Between Highlander II and Highlander: The Source, this single franchise has not one, but two of the worst movies ever made. How is that even possible?
What Were You Expecting, Dummy?
To be fair, though, I did this to myself. This wasn’t like Endgame where I got drawn in by lies in the trailer. I sought this movie out of my own accord and watched it. I am really that stupid.

Why would I do that to myself? Curiosity, mostly. The Source was supposed to be the start of a new Highlander trilogy. After Endgame pretty much tanked the franchise, the series needed a reboot, and I hoped this was going to be it. But then previews and trailers began to come out, and it became clear the film was going to be garbage. Taking one look at the post-apocalyptic setting and the notion that Duncan and company were going to seek the origins of immortality, I immediately thought it was going to be another Highlander II. But I was wrong – this film was much, much worse than Highlander II. Even with my lowered expectations, it still felt like a kick to the groin. And the sad part is, it didn’t have to be that way.
A Rocky Pre-Production
Highlander: Endgame tanked the franchise. It bombed just like Highlander II and Highlander III did, but there was no television show going on to keep the brand fresh and popular. Even diehard fans started to give up on the franchise, and after four box office failures, folks finally caught on that the franchise was never going to succeed in theatres. (Of the movies, only the original can be considered a success, and even it lost money at the box office – it was home video and international sales that kept the franchise going.) Despite that, Davis-Panzer Productions would not let the thing die. At this point, I’m pretty sure that they didn’t actually care about the film versions of Highlander but rather wanted to keep the brand going so they could sell merchandise. Highlander has a lot of fan paraphernalia, ranging from novel tie-ins to replica swords. The fact that there was ever a fifth Highlander movie suggests that the money was coming from somewhere, and it sure wasn’t from the films themselves.
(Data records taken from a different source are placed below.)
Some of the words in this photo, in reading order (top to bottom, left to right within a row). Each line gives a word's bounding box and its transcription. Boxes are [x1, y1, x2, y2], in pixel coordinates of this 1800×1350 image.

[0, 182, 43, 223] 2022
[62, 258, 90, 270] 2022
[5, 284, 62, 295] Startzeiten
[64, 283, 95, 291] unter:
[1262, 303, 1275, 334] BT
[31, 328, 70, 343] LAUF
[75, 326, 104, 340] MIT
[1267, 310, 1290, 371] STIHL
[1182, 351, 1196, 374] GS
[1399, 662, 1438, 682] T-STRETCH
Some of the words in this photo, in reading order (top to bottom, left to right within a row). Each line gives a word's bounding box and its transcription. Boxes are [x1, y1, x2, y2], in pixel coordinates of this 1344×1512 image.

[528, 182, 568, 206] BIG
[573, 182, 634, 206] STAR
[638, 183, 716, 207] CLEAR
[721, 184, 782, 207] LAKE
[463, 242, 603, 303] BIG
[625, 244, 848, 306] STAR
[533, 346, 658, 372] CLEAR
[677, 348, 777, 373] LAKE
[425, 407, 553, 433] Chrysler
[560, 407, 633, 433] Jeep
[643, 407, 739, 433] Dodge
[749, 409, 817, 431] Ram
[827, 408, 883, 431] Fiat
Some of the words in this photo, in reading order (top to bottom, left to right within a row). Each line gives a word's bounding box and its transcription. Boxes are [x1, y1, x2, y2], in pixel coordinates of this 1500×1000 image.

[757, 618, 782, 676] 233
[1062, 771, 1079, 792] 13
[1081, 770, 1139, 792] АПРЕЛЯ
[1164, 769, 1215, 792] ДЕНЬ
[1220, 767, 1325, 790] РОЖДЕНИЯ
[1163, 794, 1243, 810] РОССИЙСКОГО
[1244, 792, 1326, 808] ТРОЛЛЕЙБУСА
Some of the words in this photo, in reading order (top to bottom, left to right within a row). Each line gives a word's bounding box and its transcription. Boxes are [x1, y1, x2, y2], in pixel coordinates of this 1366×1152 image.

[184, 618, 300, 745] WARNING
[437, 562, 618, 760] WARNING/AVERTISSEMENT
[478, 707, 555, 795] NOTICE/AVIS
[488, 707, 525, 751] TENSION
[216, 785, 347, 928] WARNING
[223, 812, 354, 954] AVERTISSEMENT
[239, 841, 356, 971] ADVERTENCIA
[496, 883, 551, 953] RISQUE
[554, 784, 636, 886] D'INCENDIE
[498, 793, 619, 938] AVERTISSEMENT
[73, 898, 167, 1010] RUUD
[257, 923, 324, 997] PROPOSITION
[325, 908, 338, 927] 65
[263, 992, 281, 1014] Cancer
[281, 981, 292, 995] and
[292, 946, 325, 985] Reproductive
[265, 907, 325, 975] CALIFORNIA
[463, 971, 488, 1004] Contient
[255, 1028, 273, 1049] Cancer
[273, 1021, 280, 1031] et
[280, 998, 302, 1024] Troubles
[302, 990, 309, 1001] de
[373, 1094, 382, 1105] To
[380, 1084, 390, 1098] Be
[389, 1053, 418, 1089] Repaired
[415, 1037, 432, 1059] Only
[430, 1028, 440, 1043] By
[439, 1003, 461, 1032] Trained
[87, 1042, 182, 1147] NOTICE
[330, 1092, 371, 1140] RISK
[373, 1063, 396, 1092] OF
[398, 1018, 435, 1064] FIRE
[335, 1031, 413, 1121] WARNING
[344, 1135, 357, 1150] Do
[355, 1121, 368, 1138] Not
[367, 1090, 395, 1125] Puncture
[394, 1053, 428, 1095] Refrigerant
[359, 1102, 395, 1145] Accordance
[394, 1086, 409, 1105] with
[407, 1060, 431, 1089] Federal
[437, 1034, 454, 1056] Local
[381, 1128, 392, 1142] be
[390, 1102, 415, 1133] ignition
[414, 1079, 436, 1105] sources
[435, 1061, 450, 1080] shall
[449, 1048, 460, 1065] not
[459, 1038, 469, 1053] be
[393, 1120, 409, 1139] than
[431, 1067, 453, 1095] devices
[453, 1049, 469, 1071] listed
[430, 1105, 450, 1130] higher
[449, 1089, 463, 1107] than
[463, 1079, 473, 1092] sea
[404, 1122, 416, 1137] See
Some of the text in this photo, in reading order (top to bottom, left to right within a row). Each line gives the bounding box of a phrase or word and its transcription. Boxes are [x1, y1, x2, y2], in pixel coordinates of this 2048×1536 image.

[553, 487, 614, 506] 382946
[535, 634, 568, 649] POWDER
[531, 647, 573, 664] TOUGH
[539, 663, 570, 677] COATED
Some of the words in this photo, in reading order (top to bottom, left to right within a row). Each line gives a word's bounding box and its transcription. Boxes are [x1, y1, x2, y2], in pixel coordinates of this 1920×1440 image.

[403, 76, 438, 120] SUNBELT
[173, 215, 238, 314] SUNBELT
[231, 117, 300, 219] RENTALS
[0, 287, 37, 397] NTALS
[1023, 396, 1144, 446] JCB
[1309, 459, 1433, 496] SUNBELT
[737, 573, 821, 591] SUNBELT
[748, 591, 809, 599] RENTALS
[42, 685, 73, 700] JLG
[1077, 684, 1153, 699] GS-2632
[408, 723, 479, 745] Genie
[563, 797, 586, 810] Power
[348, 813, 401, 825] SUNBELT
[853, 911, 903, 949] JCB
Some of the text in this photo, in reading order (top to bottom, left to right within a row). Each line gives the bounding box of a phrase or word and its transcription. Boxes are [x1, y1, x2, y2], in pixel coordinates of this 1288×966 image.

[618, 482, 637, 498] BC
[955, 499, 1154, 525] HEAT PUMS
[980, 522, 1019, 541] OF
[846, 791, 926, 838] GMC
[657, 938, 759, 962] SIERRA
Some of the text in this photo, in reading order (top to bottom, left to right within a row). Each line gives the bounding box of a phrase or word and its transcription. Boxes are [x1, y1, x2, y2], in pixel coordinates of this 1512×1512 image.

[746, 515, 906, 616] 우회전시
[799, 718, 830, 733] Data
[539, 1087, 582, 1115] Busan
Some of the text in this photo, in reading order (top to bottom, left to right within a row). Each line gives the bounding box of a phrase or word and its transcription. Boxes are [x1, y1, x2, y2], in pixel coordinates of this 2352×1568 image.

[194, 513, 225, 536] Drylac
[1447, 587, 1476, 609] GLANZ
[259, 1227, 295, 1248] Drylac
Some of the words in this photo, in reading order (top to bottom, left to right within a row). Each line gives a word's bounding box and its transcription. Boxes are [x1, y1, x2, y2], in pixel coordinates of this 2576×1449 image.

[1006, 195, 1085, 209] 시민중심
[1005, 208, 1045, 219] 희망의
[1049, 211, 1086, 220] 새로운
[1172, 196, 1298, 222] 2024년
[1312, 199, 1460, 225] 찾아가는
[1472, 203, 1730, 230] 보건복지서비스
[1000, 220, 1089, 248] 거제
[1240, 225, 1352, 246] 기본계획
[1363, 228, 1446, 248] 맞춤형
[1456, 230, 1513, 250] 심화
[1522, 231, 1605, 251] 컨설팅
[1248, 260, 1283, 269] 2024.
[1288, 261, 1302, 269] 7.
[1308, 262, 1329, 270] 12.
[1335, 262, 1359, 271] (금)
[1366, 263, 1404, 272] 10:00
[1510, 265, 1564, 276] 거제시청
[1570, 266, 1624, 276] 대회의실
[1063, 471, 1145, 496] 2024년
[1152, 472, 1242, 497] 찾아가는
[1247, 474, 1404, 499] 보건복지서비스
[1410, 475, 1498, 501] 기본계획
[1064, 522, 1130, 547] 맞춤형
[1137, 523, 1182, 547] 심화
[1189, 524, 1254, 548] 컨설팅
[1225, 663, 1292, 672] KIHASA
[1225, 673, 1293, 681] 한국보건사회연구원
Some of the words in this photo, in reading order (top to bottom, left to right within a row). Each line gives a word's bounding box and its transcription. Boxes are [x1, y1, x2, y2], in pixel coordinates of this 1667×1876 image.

Originally, Joel Soisson, the writer of Endgame, wrote the script. His draft got scrapped and Peter Briggs, the screenwriter for Hellboy, came in. In preparation for the project, Briggs actually did research and listened to fans, re-watching all of the movies and the TV series and signing up on the official Highlander message boards under an alias so he could figure out what fans wanted. With someone so dedicated to making a quality film, it’s not surprising that he got kicked off the project. Can’t have quality and a respect for the source material in this franchise, no sirree. His replacement was Stephen Kelvin Watkins, a guy who had never written a professional screenplay before and who I assume was hired because he came on the cheap.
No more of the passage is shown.